▸ **Problem to solve**: The answer is the data below, repeated exactly, with no pictures included.

▸ **Data for this exercise**:
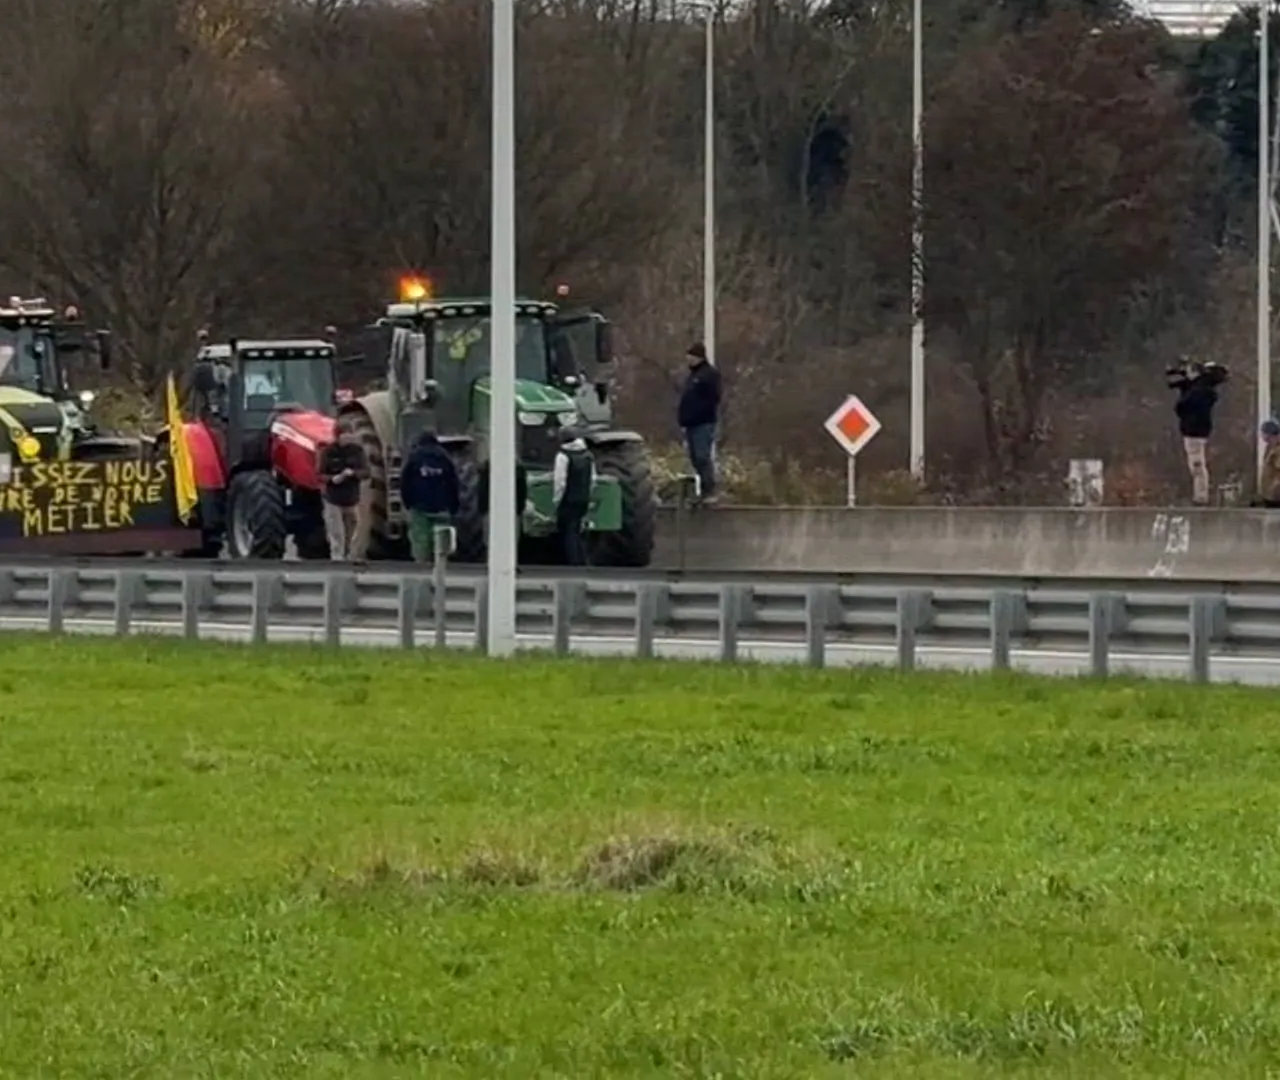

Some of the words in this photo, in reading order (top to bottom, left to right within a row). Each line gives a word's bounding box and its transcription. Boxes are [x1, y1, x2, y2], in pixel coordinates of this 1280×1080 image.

[105, 460, 168, 484] NOUS
[55, 485, 81, 504] DE
[91, 483, 163, 503] NOTRE
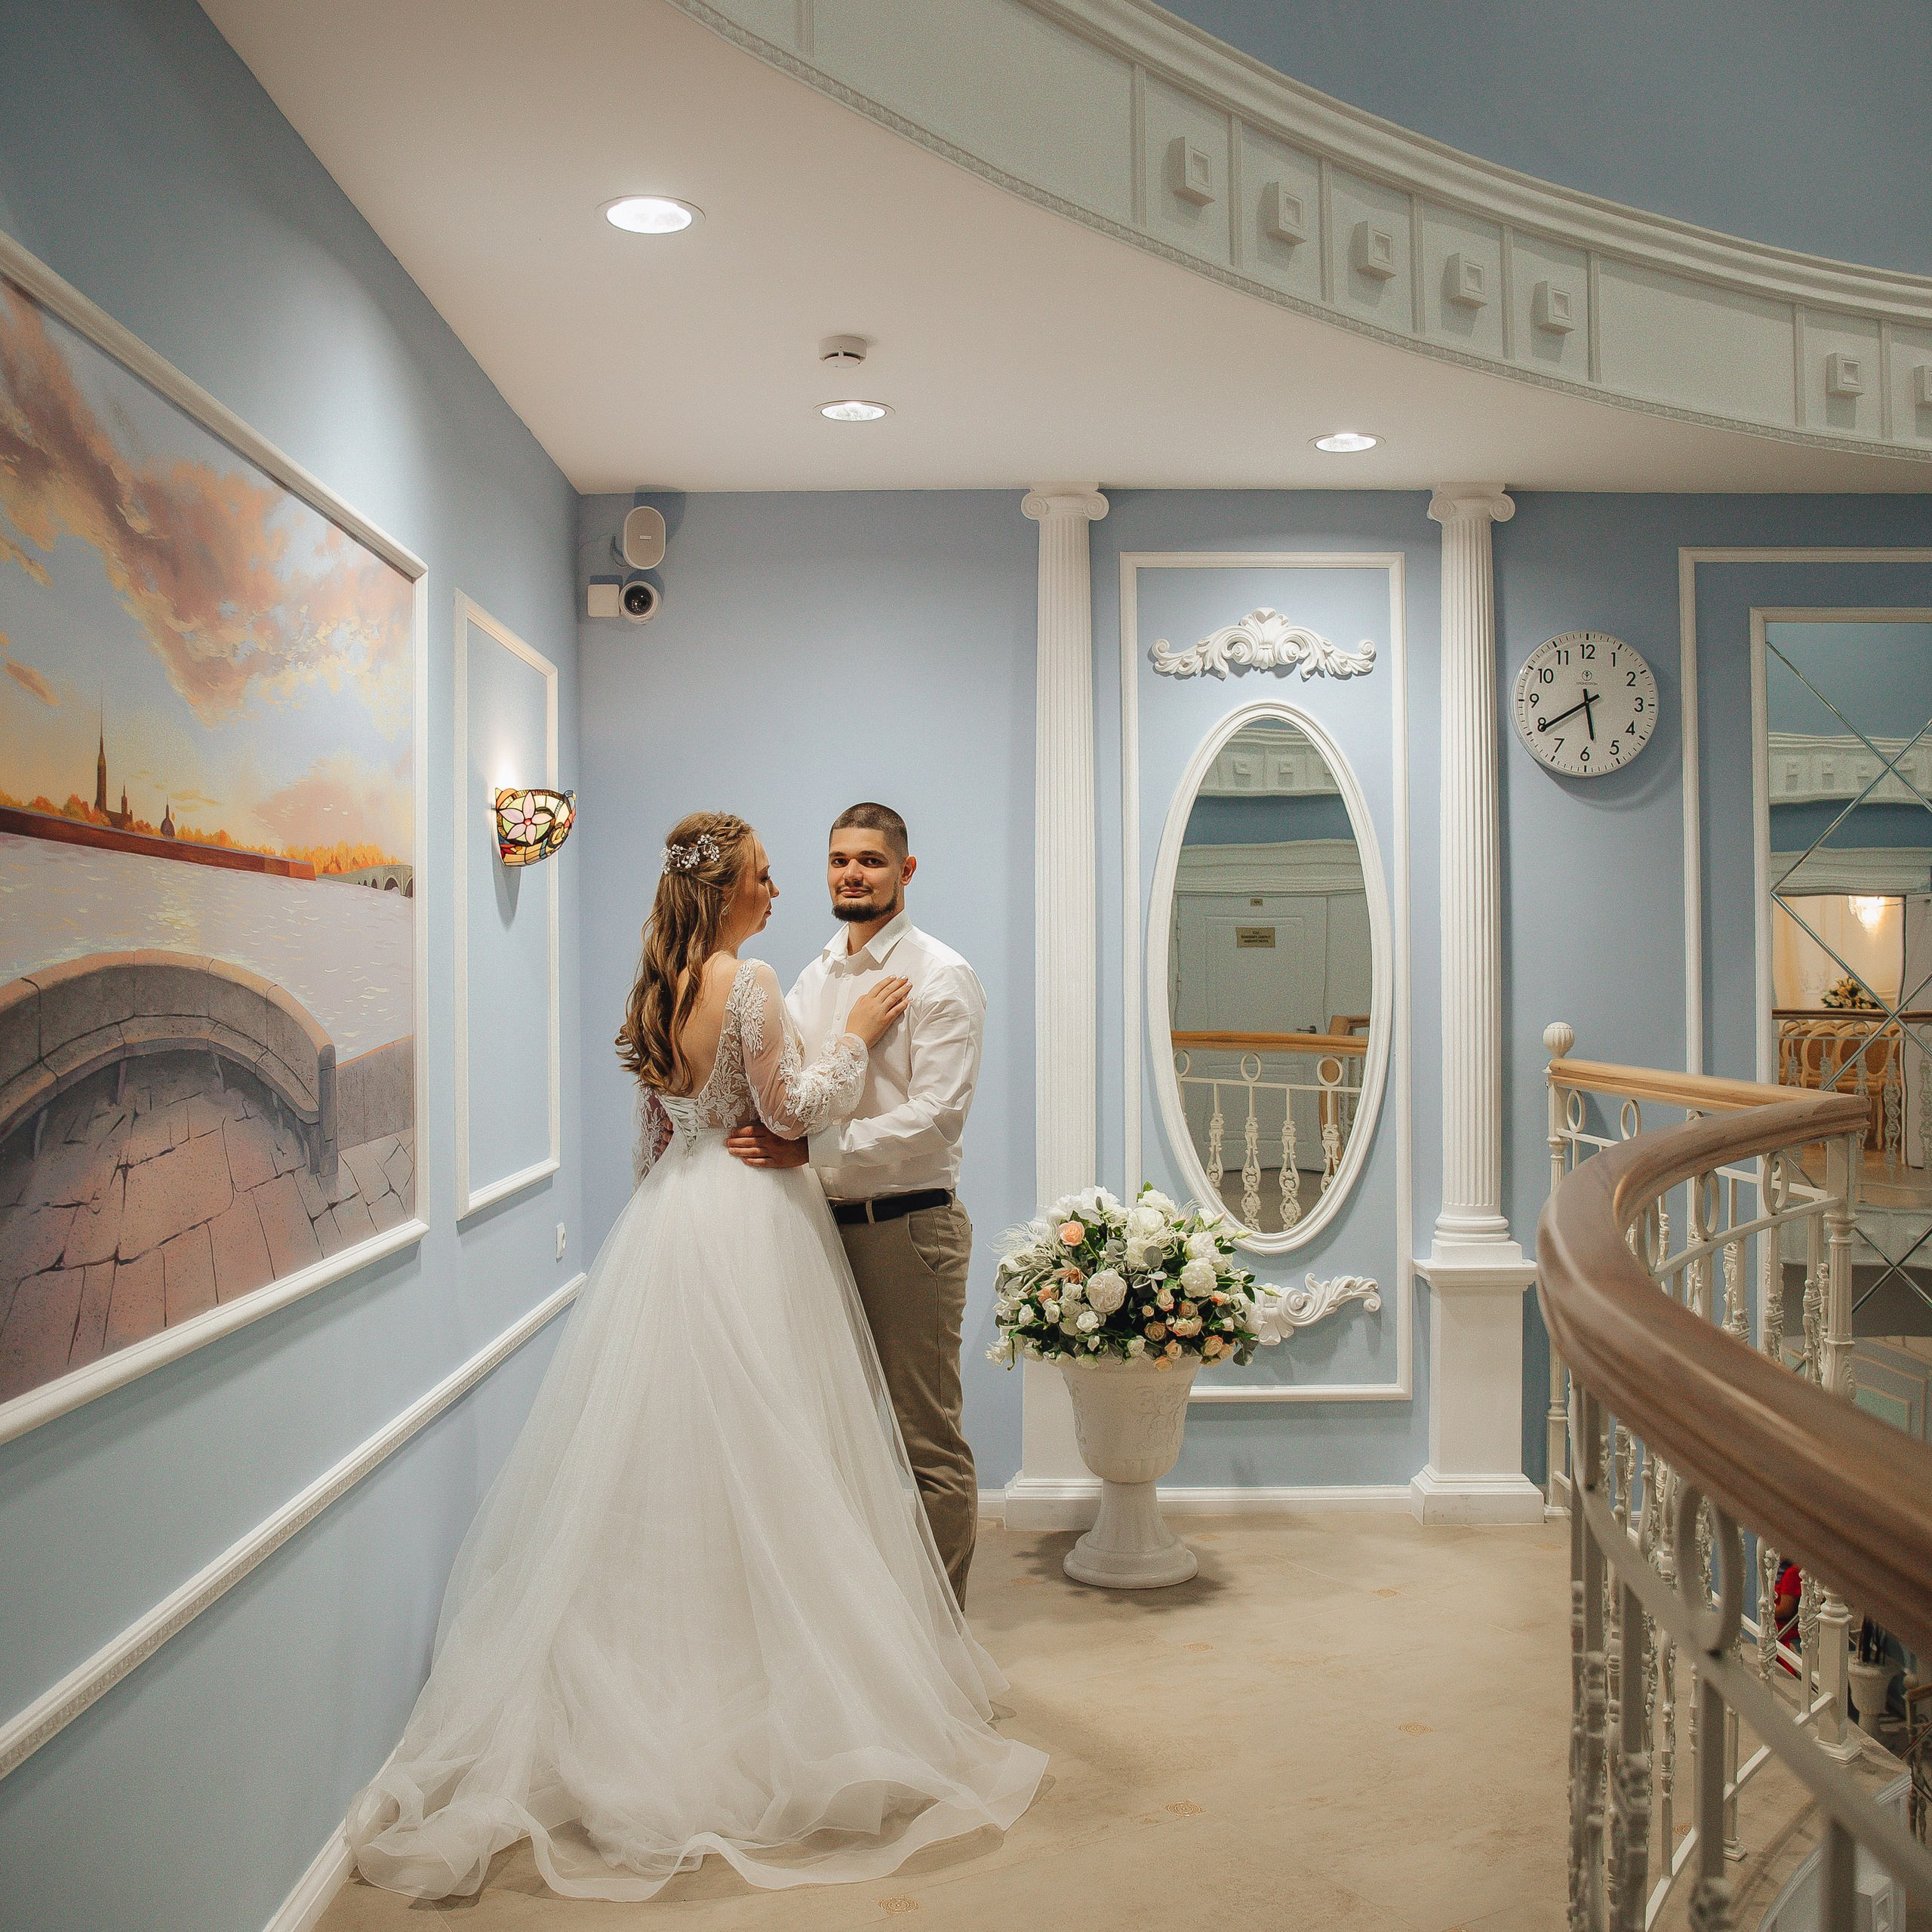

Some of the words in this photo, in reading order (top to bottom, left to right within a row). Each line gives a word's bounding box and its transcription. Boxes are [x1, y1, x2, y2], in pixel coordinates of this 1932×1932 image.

[1555, 650, 1569, 666] 11
[1580, 644, 1595, 660] 12
[1611, 651, 1617, 667] 1
[1537, 668, 1554, 684] 10
[1626, 671, 1636, 687] 2
[1529, 693, 1540, 709] 9
[1634, 697, 1644, 713] 3
[1537, 717, 1546, 732] 8
[1625, 720, 1635, 736] 4
[1554, 737, 1565, 753] 7
[1609, 740, 1620, 755] 5
[1580, 746, 1590, 761] 6

▸ **Answer area**:
Some of the words in this photo, in reading order (top to bottom, left to right within a row). Each line gives a word's bounding box and its transcription. Boxes are [x1, y1, x2, y2], in pixel coordinates of this 1280×1080 image.

[105, 460, 168, 484] NOUS
[55, 485, 81, 504] DE
[91, 483, 163, 503] NOTRE

Some of the words in this photo, in reading order (top to bottom, left to right within a row). Each line gives a word's bounding box and its transcription. Boxes are [x1, y1, x2, y2], in pixel coordinates of this 1932×1932 image.

[1555, 650, 1569, 666] 11
[1580, 644, 1595, 660] 12
[1611, 651, 1617, 667] 1
[1537, 668, 1554, 684] 10
[1626, 671, 1636, 687] 2
[1529, 693, 1540, 709] 9
[1634, 697, 1644, 713] 3
[1537, 717, 1546, 732] 8
[1625, 720, 1635, 736] 4
[1554, 737, 1565, 753] 7
[1609, 740, 1620, 755] 5
[1580, 746, 1590, 761] 6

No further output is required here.